Pombal é berço de muitos filhos ilustres. Filhos que se notabilizaram, pelo saber, pela arte da política, ainda, pelos serviços prestados nas diversas áreas do conhecimento humano. Dentre os ícones ilustres, que a história nos legou, invoco neste texto, a figura do saudoso, inesquecível, Saturnino Santana.

Aqui em Pombal, quem não conheceu o mestre Saturnino Santana? Mecânico, eletricista, músico, entre outras coisas mais. Viveu como um homem simples, sem muitas ambições materiais. O pouco que ganhava, dava para manter a família, com certa tranqüilidade.

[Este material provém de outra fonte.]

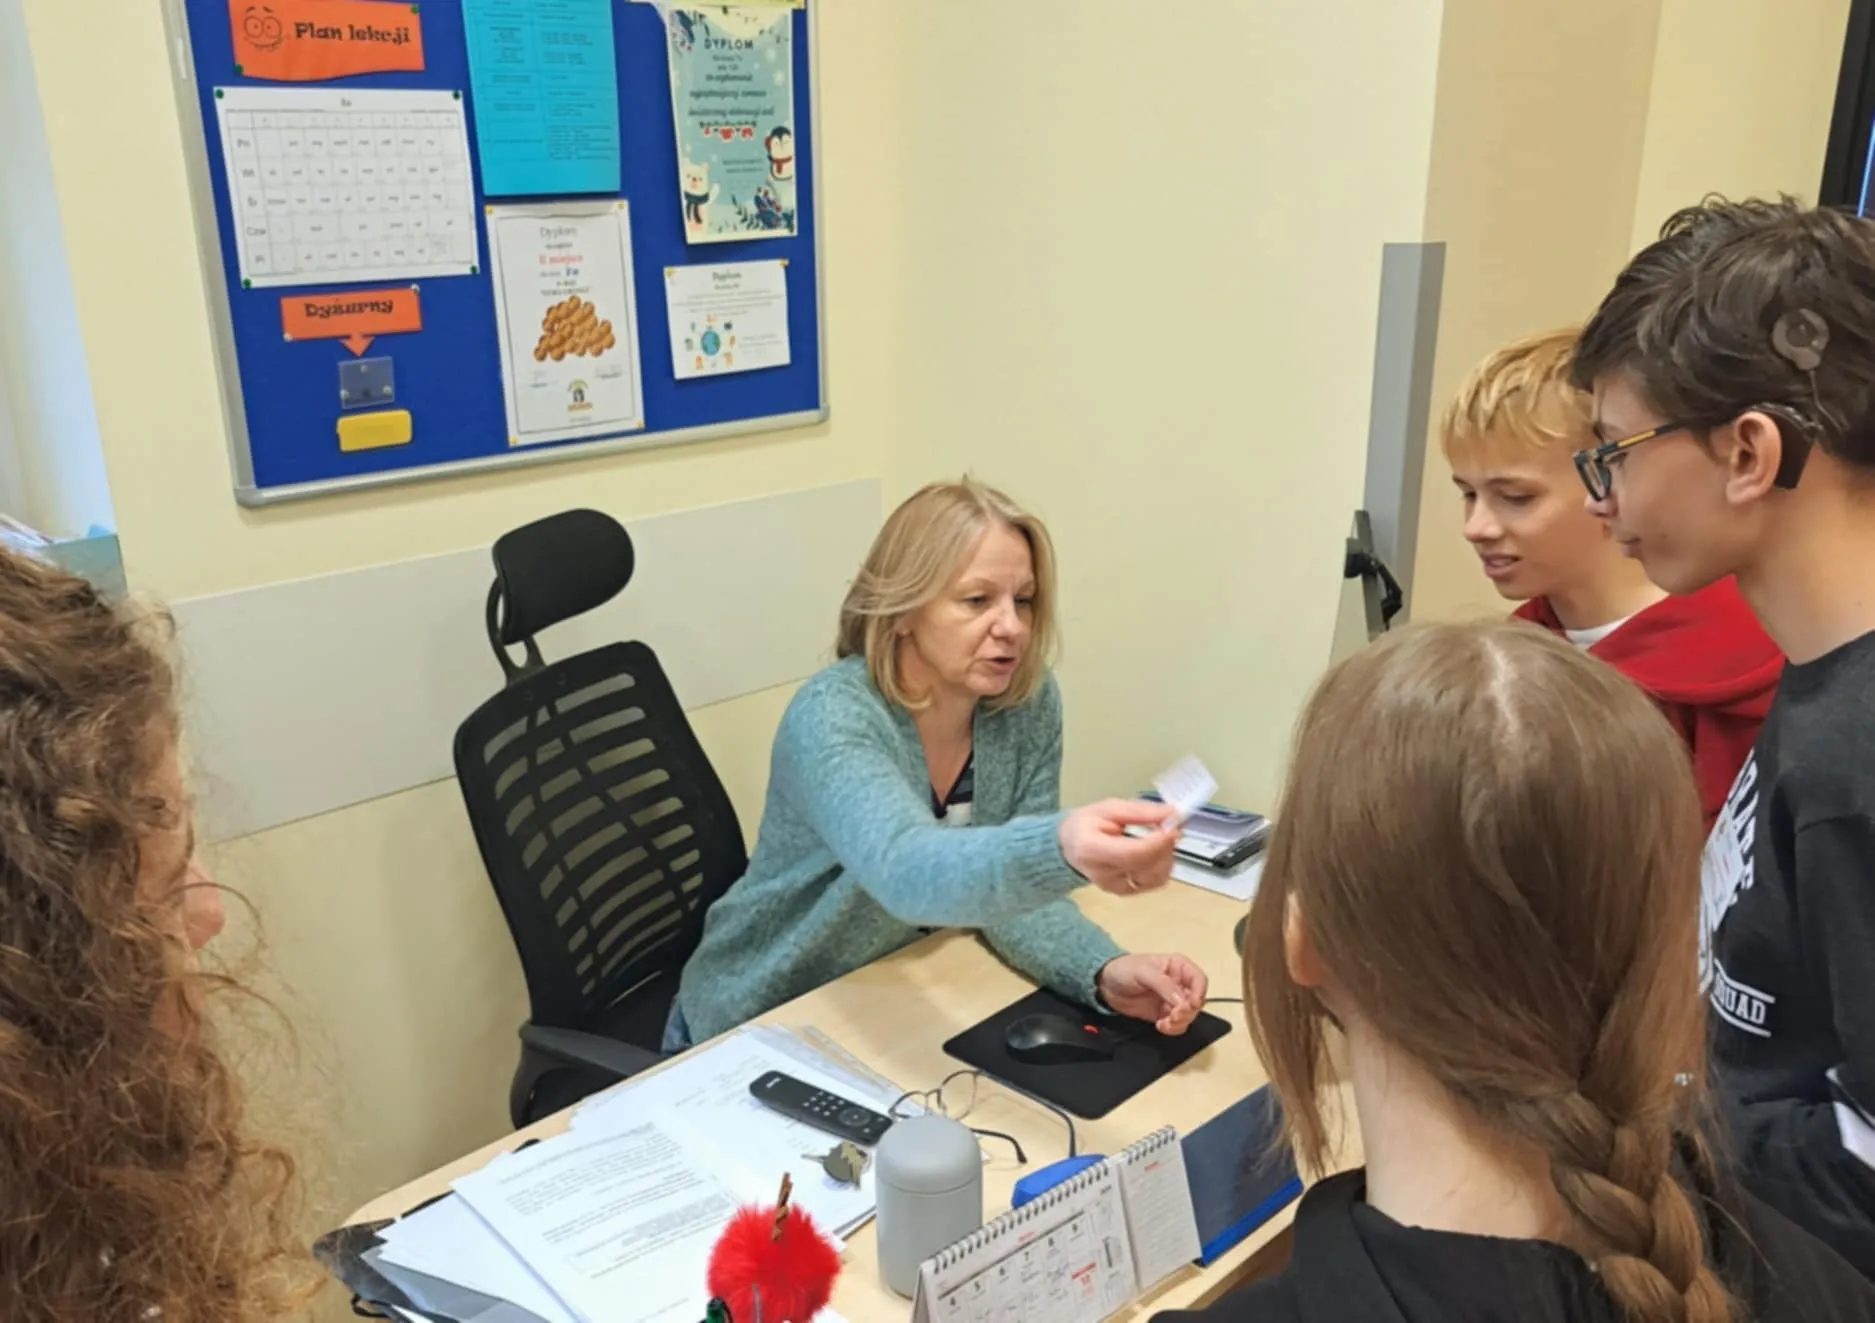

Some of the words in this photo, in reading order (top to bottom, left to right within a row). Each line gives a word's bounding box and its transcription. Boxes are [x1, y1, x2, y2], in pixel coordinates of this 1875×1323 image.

Detestava bajulações, elogios descabidos, mesmo de pessoas amigas ou estranhas, com o propósito de agradá-lo.

Sempre que ia a Pombal fazer-lhe uma visita era-me uma obrigação. Gostava de ouvir suas conversas, assim como as queixas contra algumas pessoas, para as quais havia trabalhado, mas, esqueceram de pagar. Tinha uma memória de elefante. Vicente Farias contou-me que certa vez um freguês mandou consertar um dínamo, que estava dificultando o funcionamento do alternador do seu carro.

O trabalho foi feito com perfeição. O cidadão, falou que depois pagaria o serviço. Tomou chá de sumiço, seja, evaporou-se. Tudo bem, aconteceu que dez anos depois, o devedor, senhor Aristides, com residência fixa em Patos, deparou-se com o mesmo problema, pois o seu caminhão travou o sistema elétrico da mesma forma do outro que Saturnino consertou.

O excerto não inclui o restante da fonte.